Statistics - Confounding (factor|variable) - (Confound|Confounder)

1 - About

In statistics, a confounding variable (also confounding factor, a confound, or confounder) is an extraneous variable in a statistical model that correlates (directly or inversely) with both the dependent variable and the independent variable.

A spurious relationship is a perceived relationship between an independent variable and a dependent variable that has been estimated incorrectly because the estimate fails to account for a confounding factor.

3 - How do you fix or even detect confounding?

One way is to randomize the confounding element so that it’s effect is not influencing the element under investigation.

4 - Example

4.1 - Pet Store debacle

Sun (J2EE) vs Microsoft (ASP) performance on the Java Pet Store. The confounding in the Pet Store comparison was that it was impossible to really compare the two.

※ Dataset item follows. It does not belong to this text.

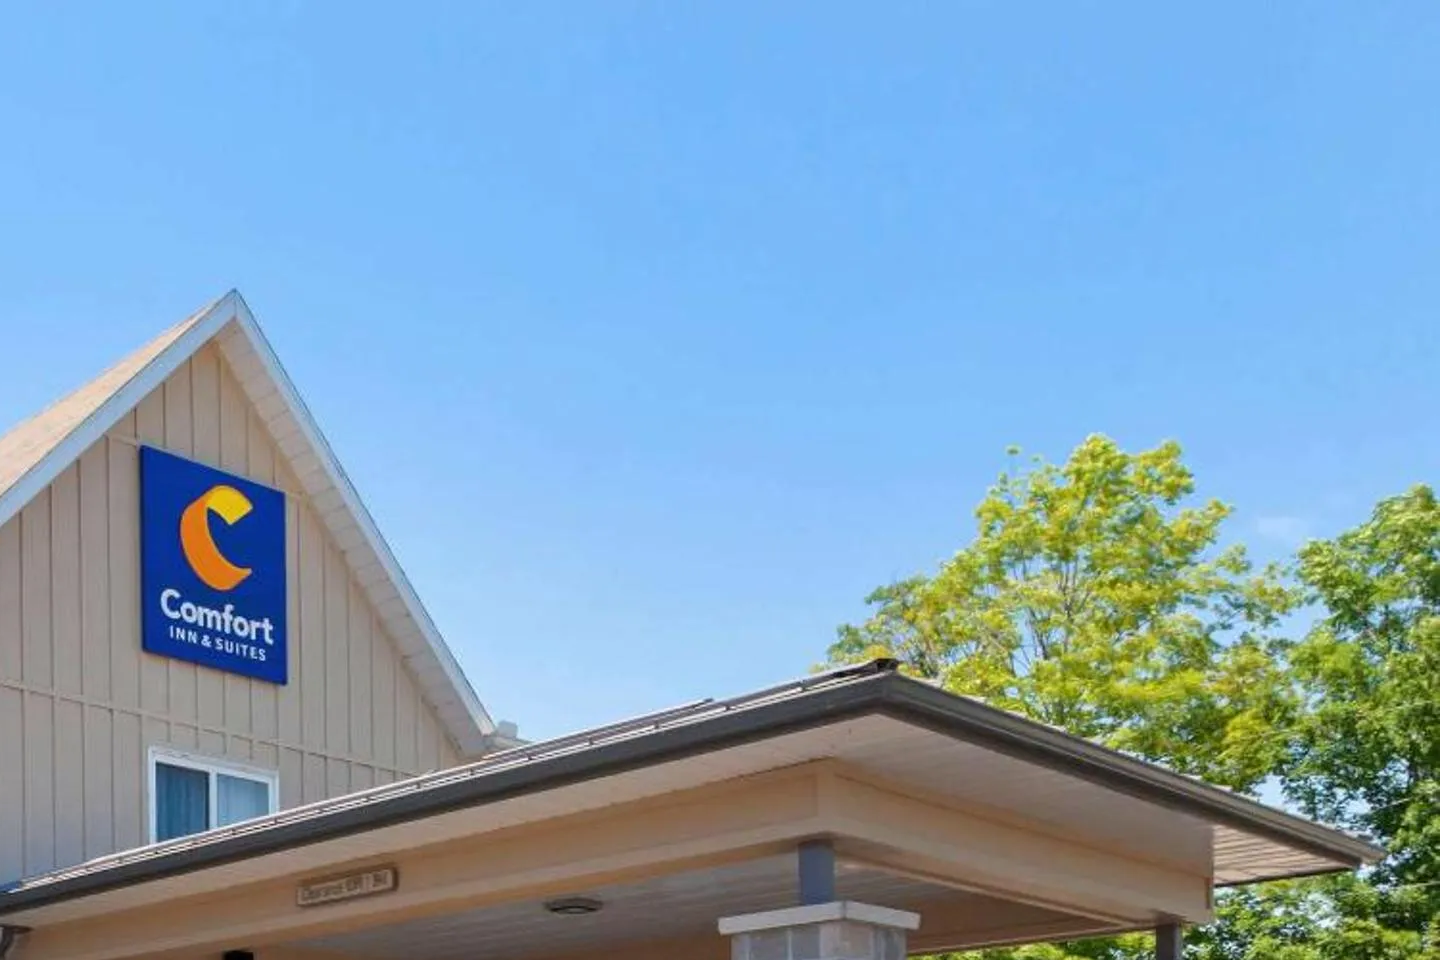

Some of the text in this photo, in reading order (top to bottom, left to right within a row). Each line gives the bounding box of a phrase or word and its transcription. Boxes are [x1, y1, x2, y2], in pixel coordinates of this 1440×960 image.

They were different systems, had:

  • different URLs,
  • different form elements,
  • different backend databases ….

The comparison claimed to measure X number of “users”, but didn’t cover single page execution, database configurations used, system level tunings. Of course none of that is useful because even that just confounds shit even further.

For the Pet Store experiment to be meaningful it should have tried to keep every thing it could the same except for the minimum of different elements. The same:

  • databases,
  • operating systems,
  • file layouts,
  • forms,
  • HTML tags,
  • logic flow,
  • everything possible.

The only different element should have been the ASP vs. JSP and the Servlets vs. VB hackery.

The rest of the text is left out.